··· THE DATA

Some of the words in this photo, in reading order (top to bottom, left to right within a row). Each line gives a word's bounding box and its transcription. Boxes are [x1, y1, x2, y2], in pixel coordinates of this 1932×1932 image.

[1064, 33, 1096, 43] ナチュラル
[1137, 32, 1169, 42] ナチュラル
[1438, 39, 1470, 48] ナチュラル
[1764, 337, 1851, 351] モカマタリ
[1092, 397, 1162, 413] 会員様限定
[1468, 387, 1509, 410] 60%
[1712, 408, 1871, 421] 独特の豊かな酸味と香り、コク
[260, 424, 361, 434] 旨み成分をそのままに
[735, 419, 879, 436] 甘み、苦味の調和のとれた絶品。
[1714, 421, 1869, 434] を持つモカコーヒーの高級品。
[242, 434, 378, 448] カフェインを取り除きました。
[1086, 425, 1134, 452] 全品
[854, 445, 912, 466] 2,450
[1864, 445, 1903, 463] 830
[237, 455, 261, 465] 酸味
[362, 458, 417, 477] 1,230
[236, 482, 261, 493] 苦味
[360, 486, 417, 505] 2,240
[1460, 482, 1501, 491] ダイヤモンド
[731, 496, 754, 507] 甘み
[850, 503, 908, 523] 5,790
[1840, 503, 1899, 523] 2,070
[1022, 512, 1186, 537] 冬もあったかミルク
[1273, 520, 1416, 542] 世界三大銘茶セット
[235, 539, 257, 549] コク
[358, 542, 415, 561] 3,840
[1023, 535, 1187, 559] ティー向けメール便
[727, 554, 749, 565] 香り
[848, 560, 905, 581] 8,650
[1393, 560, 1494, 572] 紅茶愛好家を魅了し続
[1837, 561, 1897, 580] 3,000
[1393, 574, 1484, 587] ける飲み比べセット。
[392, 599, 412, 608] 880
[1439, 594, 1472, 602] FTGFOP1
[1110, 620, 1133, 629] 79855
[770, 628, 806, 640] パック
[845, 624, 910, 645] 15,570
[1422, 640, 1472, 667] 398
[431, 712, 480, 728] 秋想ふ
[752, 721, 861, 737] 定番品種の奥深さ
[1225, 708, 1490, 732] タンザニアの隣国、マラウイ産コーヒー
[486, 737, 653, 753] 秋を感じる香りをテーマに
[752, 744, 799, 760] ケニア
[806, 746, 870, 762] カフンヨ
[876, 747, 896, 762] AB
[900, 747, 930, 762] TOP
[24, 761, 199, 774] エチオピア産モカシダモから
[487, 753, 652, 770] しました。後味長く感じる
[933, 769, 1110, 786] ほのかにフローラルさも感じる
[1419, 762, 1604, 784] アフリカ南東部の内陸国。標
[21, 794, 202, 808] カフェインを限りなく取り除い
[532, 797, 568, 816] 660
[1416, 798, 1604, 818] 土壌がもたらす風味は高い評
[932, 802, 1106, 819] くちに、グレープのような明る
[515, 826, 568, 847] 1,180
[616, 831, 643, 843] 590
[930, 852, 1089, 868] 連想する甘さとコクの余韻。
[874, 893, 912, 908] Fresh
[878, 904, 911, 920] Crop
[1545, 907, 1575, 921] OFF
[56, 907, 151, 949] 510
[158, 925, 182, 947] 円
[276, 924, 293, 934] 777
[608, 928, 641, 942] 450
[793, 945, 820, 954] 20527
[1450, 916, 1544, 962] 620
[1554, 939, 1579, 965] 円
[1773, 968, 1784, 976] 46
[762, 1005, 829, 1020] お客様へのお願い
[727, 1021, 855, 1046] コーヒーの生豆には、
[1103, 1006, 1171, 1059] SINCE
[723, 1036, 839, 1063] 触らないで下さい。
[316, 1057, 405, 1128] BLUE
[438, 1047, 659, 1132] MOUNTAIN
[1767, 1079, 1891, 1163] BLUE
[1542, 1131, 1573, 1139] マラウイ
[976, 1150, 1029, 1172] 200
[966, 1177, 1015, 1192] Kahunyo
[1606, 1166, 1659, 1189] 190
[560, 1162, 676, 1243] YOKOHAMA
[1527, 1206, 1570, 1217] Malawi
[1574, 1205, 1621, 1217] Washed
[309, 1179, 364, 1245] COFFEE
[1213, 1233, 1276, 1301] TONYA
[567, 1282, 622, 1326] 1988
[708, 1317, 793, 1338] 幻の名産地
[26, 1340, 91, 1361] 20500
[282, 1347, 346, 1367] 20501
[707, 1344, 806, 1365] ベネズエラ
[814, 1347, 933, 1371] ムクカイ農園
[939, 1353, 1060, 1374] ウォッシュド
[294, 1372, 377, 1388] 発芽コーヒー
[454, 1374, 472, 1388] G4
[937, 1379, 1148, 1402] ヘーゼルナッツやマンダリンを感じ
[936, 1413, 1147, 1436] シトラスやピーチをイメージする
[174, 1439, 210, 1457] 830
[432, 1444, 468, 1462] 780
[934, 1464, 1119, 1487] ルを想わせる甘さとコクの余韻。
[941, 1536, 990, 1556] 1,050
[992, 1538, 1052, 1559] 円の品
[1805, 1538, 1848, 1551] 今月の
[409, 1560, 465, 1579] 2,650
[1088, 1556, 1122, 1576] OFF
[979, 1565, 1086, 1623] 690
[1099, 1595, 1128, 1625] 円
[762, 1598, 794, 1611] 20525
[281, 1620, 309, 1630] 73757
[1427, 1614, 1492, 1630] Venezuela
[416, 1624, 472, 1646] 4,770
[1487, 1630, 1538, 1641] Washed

······

PROBLEM
Every record should be given again without alteration.

SOLUTION TO THIS EXERCISE
Some of the words in this photo, in reading order (top to bottom, left to right within a row). Each line gives a word's bounding box and its transcription. Boxes are [x1, y1, x2, y2], in pixel coordinates of this 1932×1932 image.

[1064, 33, 1096, 43] ナチュラル
[1137, 32, 1169, 42] ナチュラル
[1438, 39, 1470, 48] ナチュラル
[1764, 337, 1851, 351] モカマタリ
[1092, 397, 1162, 413] 会員様限定
[1468, 387, 1509, 410] 60%
[1712, 408, 1871, 421] 独特の豊かな酸味と香り、コク
[260, 424, 361, 434] 旨み成分をそのままに
[735, 419, 879, 436] 甘み、苦味の調和のとれた絶品。
[1714, 421, 1869, 434] を持つモカコーヒーの高級品。
[242, 434, 378, 448] カフェインを取り除きました。
[1086, 425, 1134, 452] 全品
[854, 445, 912, 466] 2,450
[1864, 445, 1903, 463] 830
[237, 455, 261, 465] 酸味
[362, 458, 417, 477] 1,230
[236, 482, 261, 493] 苦味
[360, 486, 417, 505] 2,240
[1460, 482, 1501, 491] ダイヤモンド
[731, 496, 754, 507] 甘み
[850, 503, 908, 523] 5,790
[1840, 503, 1899, 523] 2,070
[1022, 512, 1186, 537] 冬もあったかミルク
[1273, 520, 1416, 542] 世界三大銘茶セット
[235, 539, 257, 549] コク
[358, 542, 415, 561] 3,840
[1023, 535, 1187, 559] ティー向けメール便
[727, 554, 749, 565] 香り
[848, 560, 905, 581] 8,650
[1393, 560, 1494, 572] 紅茶愛好家を魅了し続
[1837, 561, 1897, 580] 3,000
[1393, 574, 1484, 587] ける飲み比べセット。
[392, 599, 412, 608] 880
[1439, 594, 1472, 602] FTGFOP1
[1110, 620, 1133, 629] 79855
[770, 628, 806, 640] パック
[845, 624, 910, 645] 15,570
[1422, 640, 1472, 667] 398
[431, 712, 480, 728] 秋想ふ
[752, 721, 861, 737] 定番品種の奥深さ
[1225, 708, 1490, 732] タンザニアの隣国、マラウイ産コーヒー
[486, 737, 653, 753] 秋を感じる香りをテーマに
[752, 744, 799, 760] ケニア
[806, 746, 870, 762] カフンヨ
[876, 747, 896, 762] AB
[900, 747, 930, 762] TOP
[24, 761, 199, 774] エチオピア産モカシダモから
[487, 753, 652, 770] しました。後味長く感じる
[933, 769, 1110, 786] ほのかにフローラルさも感じる
[1419, 762, 1604, 784] アフリカ南東部の内陸国。標
[21, 794, 202, 808] カフェインを限りなく取り除い
[532, 797, 568, 816] 660
[1416, 798, 1604, 818] 土壌がもたらす風味は高い評
[932, 802, 1106, 819] くちに、グレープのような明る
[515, 826, 568, 847] 1,180
[616, 831, 643, 843] 590
[930, 852, 1089, 868] 連想する甘さとコクの余韻。
[874, 893, 912, 908] Fresh
[878, 904, 911, 920] Crop
[1545, 907, 1575, 921] OFF
[56, 907, 151, 949] 510
[158, 925, 182, 947] 円
[276, 924, 293, 934] 777
[608, 928, 641, 942] 450
[793, 945, 820, 954] 20527
[1450, 916, 1544, 962] 620
[1554, 939, 1579, 965] 円
[1773, 968, 1784, 976] 46
[762, 1005, 829, 1020] お客様へのお願い
[727, 1021, 855, 1046] コーヒーの生豆には、
[1103, 1006, 1171, 1059] SINCE
[723, 1036, 839, 1063] 触らないで下さい。
[316, 1057, 405, 1128] BLUE
[438, 1047, 659, 1132] MOUNTAIN
[1767, 1079, 1891, 1163] BLUE
[1542, 1131, 1573, 1139] マラウイ
[976, 1150, 1029, 1172] 200
[966, 1177, 1015, 1192] Kahunyo
[1606, 1166, 1659, 1189] 190
[560, 1162, 676, 1243] YOKOHAMA
[1527, 1206, 1570, 1217] Malawi
[1574, 1205, 1621, 1217] Washed
[309, 1179, 364, 1245] COFFEE
[1213, 1233, 1276, 1301] TONYA
[567, 1282, 622, 1326] 1988
[708, 1317, 793, 1338] 幻の名産地
[26, 1340, 91, 1361] 20500
[282, 1347, 346, 1367] 20501
[707, 1344, 806, 1365] ベネズエラ
[814, 1347, 933, 1371] ムクカイ農園
[939, 1353, 1060, 1374] ウォッシュド
[294, 1372, 377, 1388] 発芽コーヒー
[454, 1374, 472, 1388] G4
[937, 1379, 1148, 1402] ヘーゼルナッツやマンダリンを感じ
[936, 1413, 1147, 1436] シトラスやピーチをイメージする
[174, 1439, 210, 1457] 830
[432, 1444, 468, 1462] 780
[934, 1464, 1119, 1487] ルを想わせる甘さとコクの余韻。
[941, 1536, 990, 1556] 1,050
[992, 1538, 1052, 1559] 円の品
[1805, 1538, 1848, 1551] 今月の
[409, 1560, 465, 1579] 2,650
[1088, 1556, 1122, 1576] OFF
[979, 1565, 1086, 1623] 690
[1099, 1595, 1128, 1625] 円
[762, 1598, 794, 1611] 20525
[281, 1620, 309, 1630] 73757
[1427, 1614, 1492, 1630] Venezuela
[416, 1624, 472, 1646] 4,770
[1487, 1630, 1538, 1641] Washed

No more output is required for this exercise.